Unser Volk hat einen aktiven und tapferen Kämpfer für grundlegende Menschenrechte, die Kirche einen rührigen und umsichtigen Apostel verloren. Am Tage der Bestattung (10. April) war eine riesige Menge von Gläubigen aus allen Teilen Litauens angereist, um Pater Garuckas das letzte Geleit zu geben und für das Heil seiner Seele zu beten. Unter den Teilnehmern waren über 400 Priester, die in Verbannung lebenen Bischöfe Julijonas Steponavičius und Vin-cantas Sladkevičius und der Verwalter der Erzdiözese Vilnius, A. Gutauskas. Bewegende Trauerpredigten hielten die Pfarrer Jonas Lauriunas, Algimantas Keina und Bronius Antanaitis, am Grabe sprach Pfarrer Alfonsas Svarinskas, Mitglied des katholischen Komitees zur Verteidigung der Rechte der Gläubigen. Ein Teilnehmer der Bestattungsfeierlichkeiten schreibt uns: »Beim Anhören der bewegenden Worte der Freunde und Mitstreiter unseres Pater Karolis schweiften die Gedanken unwillkürlich hin zu dem kleinen litauischen Ort Paberžė, wo einst Pfarrer Antanas Mackevičius (1828—1863) wirkte, und in den Herzen der Menschen den Geist des Widerstandes gegen Unterdrückung, Unrecht und Ausbeutung entfachte.
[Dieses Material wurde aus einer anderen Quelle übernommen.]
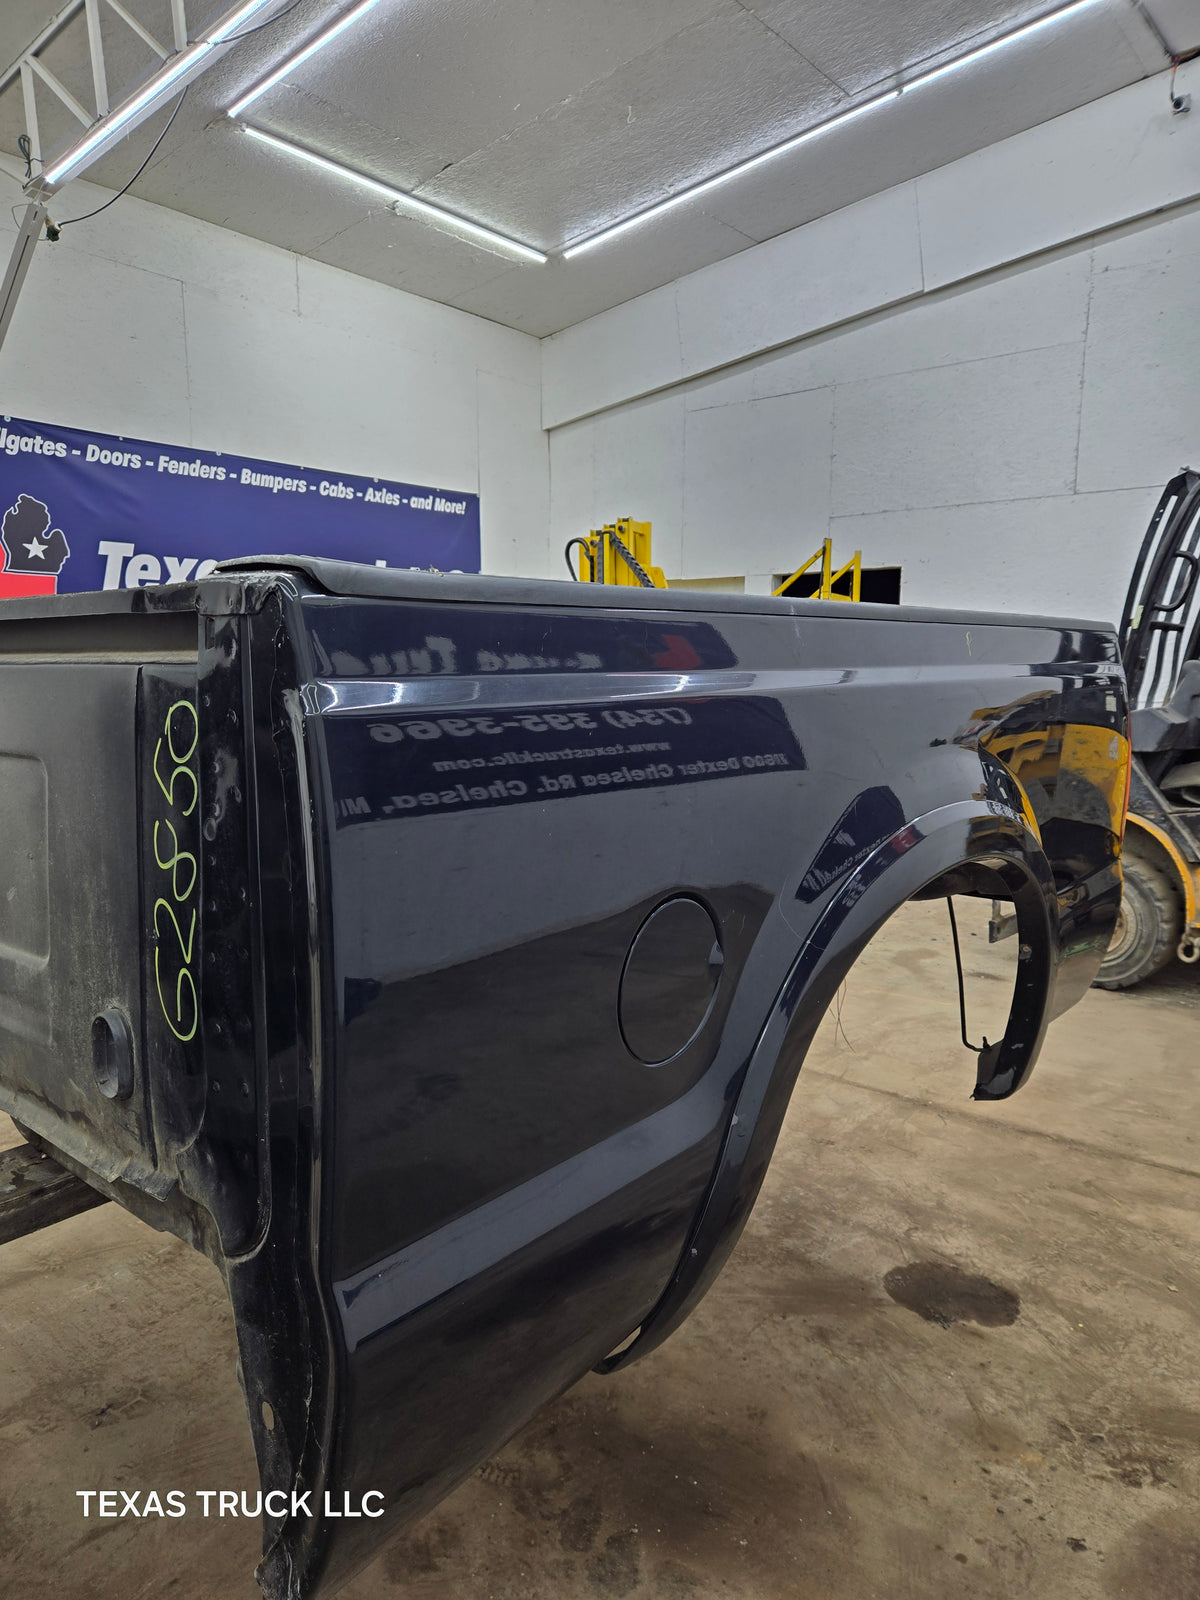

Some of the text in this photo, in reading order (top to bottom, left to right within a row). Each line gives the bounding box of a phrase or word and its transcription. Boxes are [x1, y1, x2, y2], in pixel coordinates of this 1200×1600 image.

[0, 428, 67, 458] lgates
[86, 444, 142, 469] Doors
[157, 455, 226, 481] Fenders
[240, 468, 307, 493] Bumpers
[319, 480, 354, 500] Cabs
[364, 487, 400, 506] Axles
[410, 495, 432, 511] and
[434, 497, 467, 515] More!
A. Mackevičius war zwölf Jahre hindurch Pfarrer der kleinen Gemeinde Paberžė und einer der geistigen Führer gegen zaristische Unterdrückung in Litauen. Er wurde am 28. Dezember 1863 auf Befehl des Zarengenerals Muravjev in Kaunas hingerichtet.
Ist Pater Karolis wirklich nicht mehr unter uns?
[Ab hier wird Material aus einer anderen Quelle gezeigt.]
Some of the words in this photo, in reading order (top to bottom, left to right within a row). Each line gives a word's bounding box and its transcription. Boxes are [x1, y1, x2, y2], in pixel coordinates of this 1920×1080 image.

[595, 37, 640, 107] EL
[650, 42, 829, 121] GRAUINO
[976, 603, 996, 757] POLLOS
Nein, er bleibt bei uns. Das Eichenkreuz über seinem Grab mahnt jeden Litauer und fordert ihn auf, der Unterdrückung Widerstand zu leisten und für ewige Werte zu kämpfen.«
Die Chronik der Litauischen katholischen Kirche teilt zusammen mit dieser Kurzmeldung mit, daß ein Sonderdruck über Leben, Werk und die letzten Lebenstage von Pater Karolis Garuckas in Vorbereitung ist. (Beilage — zwei Bilder von der Bestattungsprozession für Pater Karolis Garuckas SJ und der Menschen an seinem Grabe vom 10. 4. 1979.)
An Seine Exzellenz, den Verwalter des Bistums Telšiai
Aufruf
der Geistlichen des Bistums Telšiai
In den Spalten der Zeitungen, in Fernsehsendungen und Rundfunkberichten vernehmen wir Tag für Tag so manches von Überschwemmungen, Orkanschäden, Erdbeben und anderen Katastrophen, die riesige materielle Verluste verursachen und Tausende Menschenleben fordern.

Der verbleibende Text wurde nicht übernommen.